In 1965, Chuck Berry been in and out of prison twice and had adopted an indifferent attitude toward live performance, but he remained a prolific songwriter who could still pack venues. Money was always of prime concern for Berry, so it came as a surprise to no one when Berry left Chess Records for Mercury, a company offering either $60,000 or $150,000—depending who you believe. The Mercury switch did not pan out in terms of record sales, but it pointed a direction toward a new audience, down a road that would lead to the most experimental album of his career, 1969’s Concerto In “Be Goode.” 

His method has become so ingrained in the American collective unconscious that it’s easy to forget its ingenuity. Berry harnessed Carl Hogan, T. Bone Walker, and Nat King Cole, and his lyrical concerns addressed high/low brow culture in a casual voice, mimicking formal high society mixed with invented words and street slang. In concert, he improvised with the gospel tradition of audience call and response, and sometimes stretched the limits of guitar improvisation within the rigid modes of early rock ‘n’ roll structures. As noted by a frustrated Keith Richards in the 1987 documentary Hail! Hail! Rock ‘n’ Roll, Chuck played in keys more suited to piano and horns (jazz keys) than to guitar, even occasionally changing key mid-song.

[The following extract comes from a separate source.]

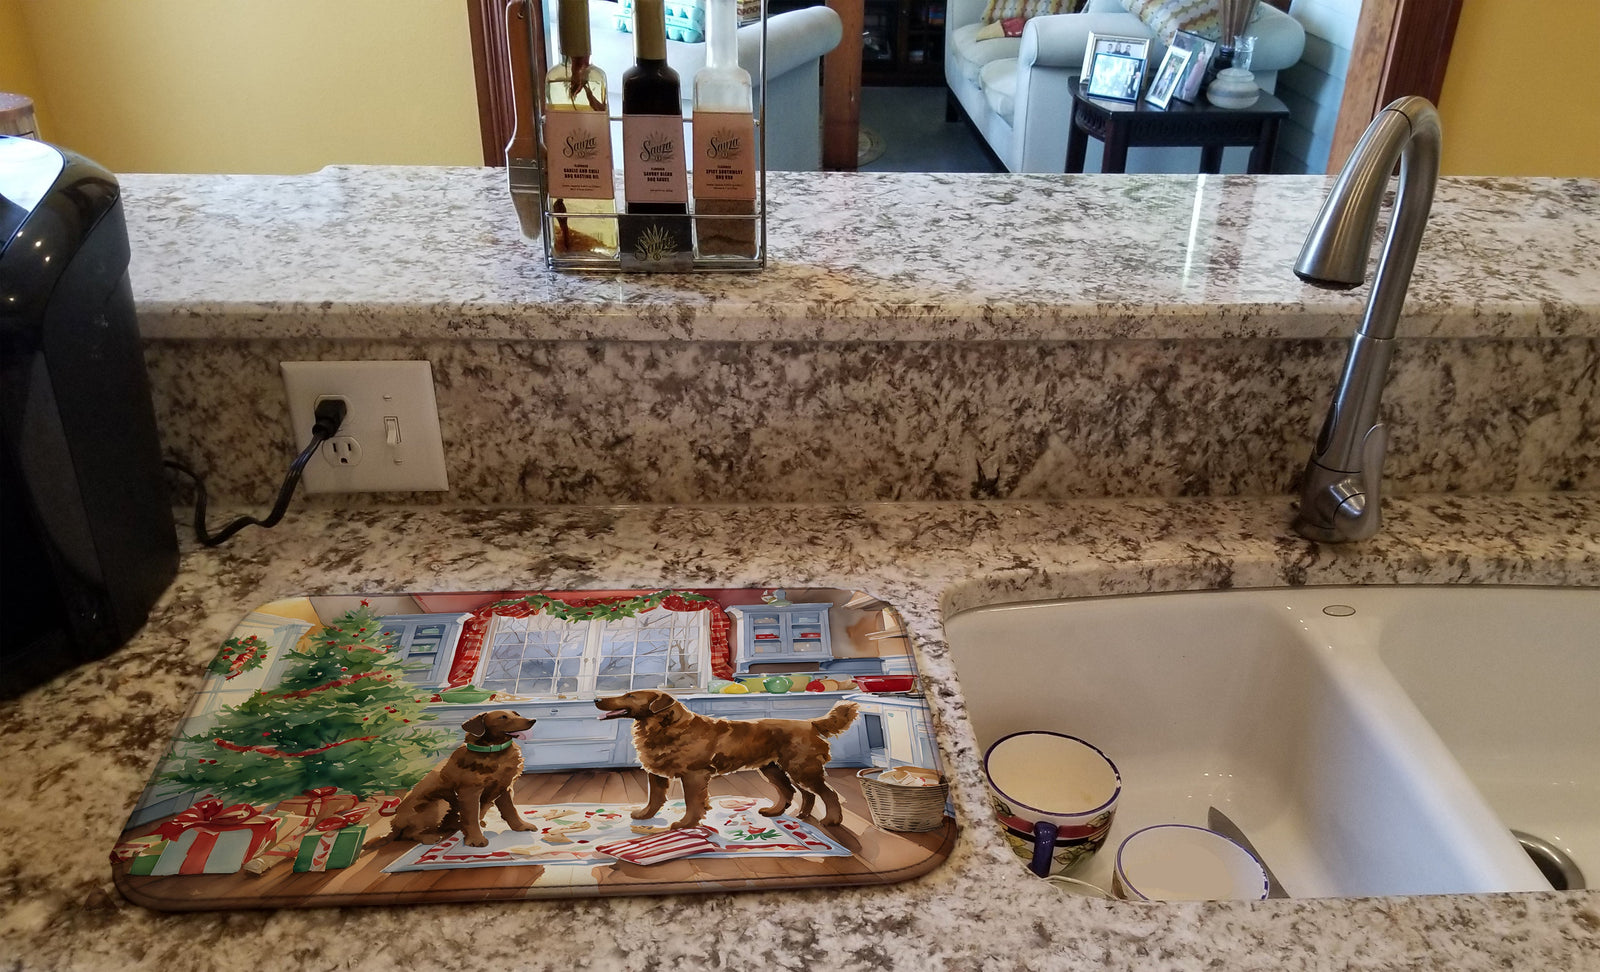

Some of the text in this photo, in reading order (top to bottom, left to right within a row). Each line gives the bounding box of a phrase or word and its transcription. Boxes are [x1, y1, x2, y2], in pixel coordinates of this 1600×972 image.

[563, 136, 597, 158] Sauza
[640, 140, 674, 161] Sauza
[707, 137, 740, 158] Sauza

Sometime in 1967, Berry was approached by promoter Bill Graham, who gauged the increased interest younger audiences were showing toward 1950s rock. Distrustful of promoters, Berry apparently would not discuss business with Graham over the phone. Instead, he made him fly to St Louis to set up a deal involving a series of gigs in San Francisco with the stipulation that the promoter provide the band, amps, a Cadillac to meet him at the airport, and payment in cash. Regular commutes from St. Louis to San Francisco ensued, lasting several years and over fifty combined shows at Winterland and the FIllmore West. The second series of these shows, with the Steve Miller Band as back up, was recorded for Live At Fillmore Auditorium, and it is here that the type of live improvising Berry would increasingly become famous (and infamous) for becomes apparent.  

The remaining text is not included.